The Teatro Petruzzelli in Bari is a magnificent architectural jewel and the venue for this year’s Europakonzert. The Berliner Philharmoniker under the direction of Riccardo Muti will present an Italian-German programme: Rossini’s lively William Tell Overture and the ballet music from Verdi’s opera I vespri siciliani exude Italian spirit. These are contrasted with the cantabile, darkly timbred Second Symphony by Brahms.
Following the Europakonzert given by the Berliner Philharmoniker and Riccardo Muti at the Teatro di San Carlo in Naples in 2009, the Italian maestro is now conducting another in his home country. The venue this time is the Teatro Petruzzelli in Bari, which was built at the beginning of the 20th century, destroyed by fire in 1991 and reopened 18 years later.

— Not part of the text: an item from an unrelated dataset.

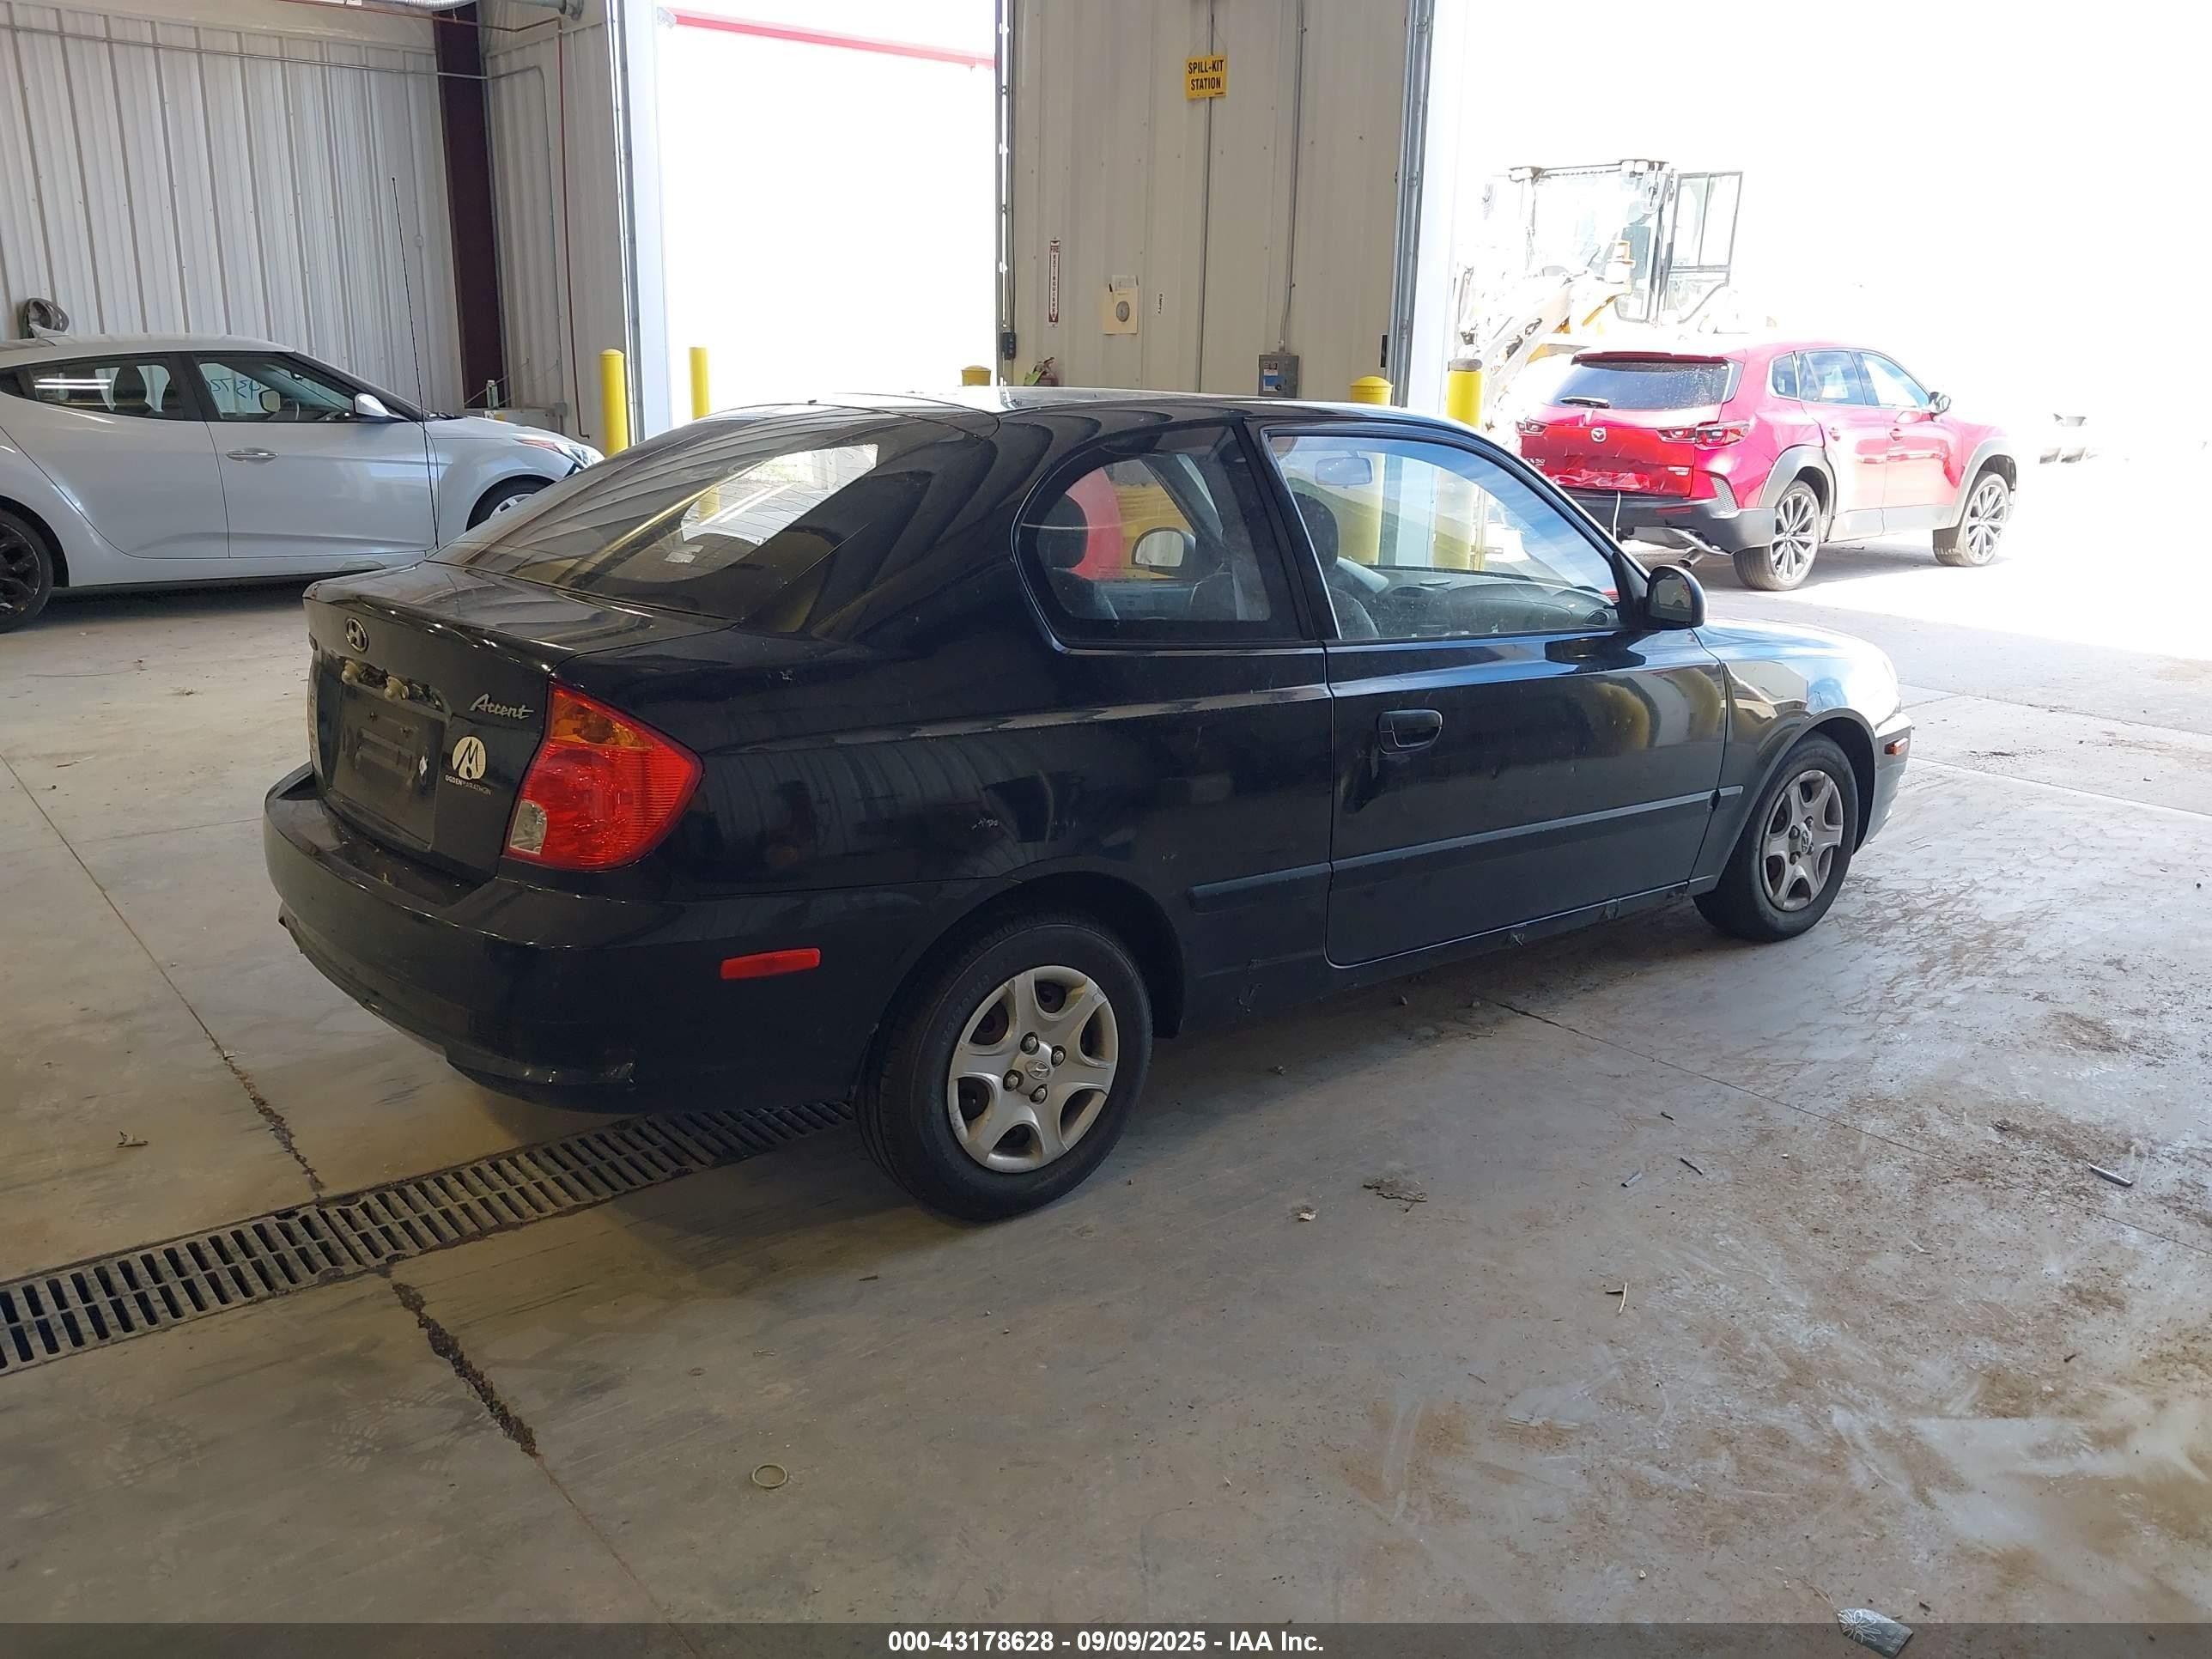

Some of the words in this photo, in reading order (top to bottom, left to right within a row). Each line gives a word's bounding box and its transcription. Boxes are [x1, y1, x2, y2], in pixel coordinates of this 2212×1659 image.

[1188, 59, 1224, 75] SPILL-KIT
[1190, 76, 1221, 91] STATION
[470, 694, 534, 719] Accent

The programme opens with Gioacchino Rossini’s overture to Guillaume Tell, a thrilling paean to freedom. The premiere of the stage work at the Opéra de Paris in 1829 sealed the composer’s reputation as the greatest living opera composer in Europe. Liberty was also at the heart of the Sicilians’ revolt against French rule in 1282 – it was a bold move for Giuseppe Verdi to try to gain a foothold in Paris, the opera capital of the time, with this very subject and his Les Vêpres siciliennes. Despite the controversial plot, the premiere was a success. The lively ballet music from the third act of the opera, which can be heard in this Europakonzert, was last performed by the Berliner Philharmoniker and Riccardo Muti in 1991 at the Schauspielhaus am Gendarmenmarkt in Berlin.
In 1878, the influential Viennese music critic Eduard Hanslick wrote, “Brahms’s Symphony No. 1, introduced a year ago, was a work for earnest connoisseurs. The Symphony No. 2 extends its warm sunshine to connoisseurs and laymen alike. It belongs to all who long for good music.” The opening movement inevitably evokes associations of warmth, power and expansiveness – a showpiece for the Berliner Philharmoniker with its rich, full-bodied string sound. The adagio is characterised by melancholy, while the third movement picks up on the idyllic serenity of the first with a dance-like tone, before the finale leads to collective euphoria.